◆ **What you will do**
All of the records must be given again exactly.

◆ **Exercise materials**

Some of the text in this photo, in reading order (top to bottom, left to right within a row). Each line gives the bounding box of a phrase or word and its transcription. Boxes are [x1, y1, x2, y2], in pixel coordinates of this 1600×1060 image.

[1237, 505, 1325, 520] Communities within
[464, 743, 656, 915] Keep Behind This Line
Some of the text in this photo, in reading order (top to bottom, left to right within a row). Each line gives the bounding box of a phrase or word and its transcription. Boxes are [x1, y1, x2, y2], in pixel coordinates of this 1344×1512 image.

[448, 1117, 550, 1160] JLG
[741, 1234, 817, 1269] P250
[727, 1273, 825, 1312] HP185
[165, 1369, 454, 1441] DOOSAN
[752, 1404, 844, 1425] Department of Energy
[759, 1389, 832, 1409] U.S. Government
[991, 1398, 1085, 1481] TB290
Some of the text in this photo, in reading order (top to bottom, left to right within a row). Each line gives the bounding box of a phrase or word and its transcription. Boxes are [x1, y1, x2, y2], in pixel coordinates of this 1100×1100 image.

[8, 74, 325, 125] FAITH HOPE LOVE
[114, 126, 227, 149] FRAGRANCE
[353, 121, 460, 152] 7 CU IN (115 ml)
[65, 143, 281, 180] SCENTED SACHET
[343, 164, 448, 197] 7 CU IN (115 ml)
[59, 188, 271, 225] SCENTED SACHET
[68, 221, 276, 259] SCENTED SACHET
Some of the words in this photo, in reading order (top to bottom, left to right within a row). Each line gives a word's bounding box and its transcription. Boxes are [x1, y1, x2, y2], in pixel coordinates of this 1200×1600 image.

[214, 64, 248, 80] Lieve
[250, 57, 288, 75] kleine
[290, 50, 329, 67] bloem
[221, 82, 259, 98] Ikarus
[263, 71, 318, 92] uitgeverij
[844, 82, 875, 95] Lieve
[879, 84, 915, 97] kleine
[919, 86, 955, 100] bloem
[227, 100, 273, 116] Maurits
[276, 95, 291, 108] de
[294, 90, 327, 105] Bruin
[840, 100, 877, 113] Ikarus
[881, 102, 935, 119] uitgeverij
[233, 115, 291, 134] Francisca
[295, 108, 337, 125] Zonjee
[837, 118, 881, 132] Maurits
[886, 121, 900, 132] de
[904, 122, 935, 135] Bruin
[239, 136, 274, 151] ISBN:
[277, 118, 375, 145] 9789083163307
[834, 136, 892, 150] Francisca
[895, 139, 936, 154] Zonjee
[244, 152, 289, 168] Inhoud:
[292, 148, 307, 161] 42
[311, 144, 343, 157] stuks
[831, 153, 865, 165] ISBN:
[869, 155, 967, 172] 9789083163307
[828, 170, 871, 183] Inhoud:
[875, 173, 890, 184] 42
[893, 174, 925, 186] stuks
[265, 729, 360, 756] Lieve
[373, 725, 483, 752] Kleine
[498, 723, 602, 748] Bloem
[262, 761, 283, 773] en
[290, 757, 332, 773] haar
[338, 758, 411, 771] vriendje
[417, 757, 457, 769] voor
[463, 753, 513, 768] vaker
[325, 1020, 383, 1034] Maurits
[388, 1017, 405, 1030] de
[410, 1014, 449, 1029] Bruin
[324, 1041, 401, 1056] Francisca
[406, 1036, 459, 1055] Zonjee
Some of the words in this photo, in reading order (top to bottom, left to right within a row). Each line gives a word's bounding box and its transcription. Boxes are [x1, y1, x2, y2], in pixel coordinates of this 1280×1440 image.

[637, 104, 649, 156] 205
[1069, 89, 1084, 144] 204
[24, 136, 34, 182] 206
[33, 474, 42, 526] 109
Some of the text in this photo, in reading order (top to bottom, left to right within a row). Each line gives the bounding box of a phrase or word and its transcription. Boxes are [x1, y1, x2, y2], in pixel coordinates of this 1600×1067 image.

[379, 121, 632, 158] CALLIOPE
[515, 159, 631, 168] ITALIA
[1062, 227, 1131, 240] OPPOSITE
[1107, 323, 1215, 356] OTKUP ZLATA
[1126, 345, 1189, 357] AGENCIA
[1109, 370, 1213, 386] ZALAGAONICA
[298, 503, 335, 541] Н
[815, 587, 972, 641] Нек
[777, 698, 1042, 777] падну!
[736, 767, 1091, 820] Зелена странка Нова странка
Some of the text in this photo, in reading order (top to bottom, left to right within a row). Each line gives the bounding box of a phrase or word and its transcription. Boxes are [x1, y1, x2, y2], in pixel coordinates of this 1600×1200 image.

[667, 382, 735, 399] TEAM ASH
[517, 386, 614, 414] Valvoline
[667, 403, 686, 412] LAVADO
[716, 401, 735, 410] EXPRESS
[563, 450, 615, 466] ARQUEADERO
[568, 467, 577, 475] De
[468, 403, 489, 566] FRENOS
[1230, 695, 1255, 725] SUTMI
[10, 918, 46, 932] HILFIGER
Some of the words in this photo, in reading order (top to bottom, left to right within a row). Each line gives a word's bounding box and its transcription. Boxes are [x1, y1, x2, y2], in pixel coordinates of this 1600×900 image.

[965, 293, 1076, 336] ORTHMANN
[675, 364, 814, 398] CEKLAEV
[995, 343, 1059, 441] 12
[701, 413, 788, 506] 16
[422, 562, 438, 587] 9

◆ **Output of the task**
Some of the text in this photo, in reading order (top to bottom, left to right within a row). Each line gives the bounding box of a phrase or word and its transcription. Boxes are [x1, y1, x2, y2], in pixel coordinates of this 1600×1060 image.

[1237, 505, 1325, 520] Communities within
[464, 743, 656, 915] Keep Behind This Line
Some of the text in this photo, in reading order (top to bottom, left to right within a row). Each line gives the bounding box of a phrase or word and its transcription. Boxes are [x1, y1, x2, y2], in pixel coordinates of this 1344×1512 image.

[448, 1117, 550, 1160] JLG
[741, 1234, 817, 1269] P250
[727, 1273, 825, 1312] HP185
[165, 1369, 454, 1441] DOOSAN
[752, 1404, 844, 1425] Department of Energy
[759, 1389, 832, 1409] U.S. Government
[991, 1398, 1085, 1481] TB290
Some of the text in this photo, in reading order (top to bottom, left to right within a row). Each line gives the bounding box of a phrase or word and its transcription. Boxes are [x1, y1, x2, y2], in pixel coordinates of this 1100×1100 image.

[8, 74, 325, 125] FAITH HOPE LOVE
[114, 126, 227, 149] FRAGRANCE
[353, 121, 460, 152] 7 CU IN (115 ml)
[65, 143, 281, 180] SCENTED SACHET
[343, 164, 448, 197] 7 CU IN (115 ml)
[59, 188, 271, 225] SCENTED SACHET
[68, 221, 276, 259] SCENTED SACHET
Some of the words in this photo, in reading order (top to bottom, left to right within a row). Each line gives a word's bounding box and its transcription. Boxes are [x1, y1, x2, y2], in pixel coordinates of this 1200×1600 image.

[214, 64, 248, 80] Lieve
[250, 57, 288, 75] kleine
[290, 50, 329, 67] bloem
[221, 82, 259, 98] Ikarus
[263, 71, 318, 92] uitgeverij
[844, 82, 875, 95] Lieve
[879, 84, 915, 97] kleine
[919, 86, 955, 100] bloem
[227, 100, 273, 116] Maurits
[276, 95, 291, 108] de
[294, 90, 327, 105] Bruin
[840, 100, 877, 113] Ikarus
[881, 102, 935, 119] uitgeverij
[233, 115, 291, 134] Francisca
[295, 108, 337, 125] Zonjee
[837, 118, 881, 132] Maurits
[886, 121, 900, 132] de
[904, 122, 935, 135] Bruin
[239, 136, 274, 151] ISBN:
[277, 118, 375, 145] 9789083163307
[834, 136, 892, 150] Francisca
[895, 139, 936, 154] Zonjee
[244, 152, 289, 168] Inhoud:
[292, 148, 307, 161] 42
[311, 144, 343, 157] stuks
[831, 153, 865, 165] ISBN:
[869, 155, 967, 172] 9789083163307
[828, 170, 871, 183] Inhoud:
[875, 173, 890, 184] 42
[893, 174, 925, 186] stuks
[265, 729, 360, 756] Lieve
[373, 725, 483, 752] Kleine
[498, 723, 602, 748] Bloem
[262, 761, 283, 773] en
[290, 757, 332, 773] haar
[338, 758, 411, 771] vriendje
[417, 757, 457, 769] voor
[463, 753, 513, 768] vaker
[325, 1020, 383, 1034] Maurits
[388, 1017, 405, 1030] de
[410, 1014, 449, 1029] Bruin
[324, 1041, 401, 1056] Francisca
[406, 1036, 459, 1055] Zonjee
Some of the words in this photo, in reading order (top to bottom, left to right within a row). Each line gives a word's bounding box and its transcription. Boxes are [x1, y1, x2, y2], in pixel coordinates of this 1280×1440 image.

[637, 104, 649, 156] 205
[1069, 89, 1084, 144] 204
[24, 136, 34, 182] 206
[33, 474, 42, 526] 109
Some of the text in this photo, in reading order (top to bottom, left to right within a row). Each line gives the bounding box of a phrase or word and its transcription. Boxes are [x1, y1, x2, y2], in pixel coordinates of this 1600×1067 image.

[379, 121, 632, 158] CALLIOPE
[515, 159, 631, 168] ITALIA
[1062, 227, 1131, 240] OPPOSITE
[1107, 323, 1215, 356] OTKUP ZLATA
[1126, 345, 1189, 357] AGENCIA
[1109, 370, 1213, 386] ZALAGAONICA
[298, 503, 335, 541] Н
[815, 587, 972, 641] Нек
[777, 698, 1042, 777] падну!
[736, 767, 1091, 820] Зелена странка Нова странка
Some of the text in this photo, in reading order (top to bottom, left to right within a row). Each line gives the bounding box of a phrase or word and its transcription. Boxes are [x1, y1, x2, y2], in pixel coordinates of this 1600×1200 image.

[667, 382, 735, 399] TEAM ASH
[517, 386, 614, 414] Valvoline
[667, 403, 686, 412] LAVADO
[716, 401, 735, 410] EXPRESS
[563, 450, 615, 466] ARQUEADERO
[568, 467, 577, 475] De
[468, 403, 489, 566] FRENOS
[1230, 695, 1255, 725] SUTMI
[10, 918, 46, 932] HILFIGER
Some of the words in this photo, in reading order (top to bottom, left to right within a row). Each line gives a word's bounding box and its transcription. Boxes are [x1, y1, x2, y2], in pixel coordinates of this 1600×900 image.

[965, 293, 1076, 336] ORTHMANN
[675, 364, 814, 398] CEKLAEV
[995, 343, 1059, 441] 12
[701, 413, 788, 506] 16
[422, 562, 438, 587] 9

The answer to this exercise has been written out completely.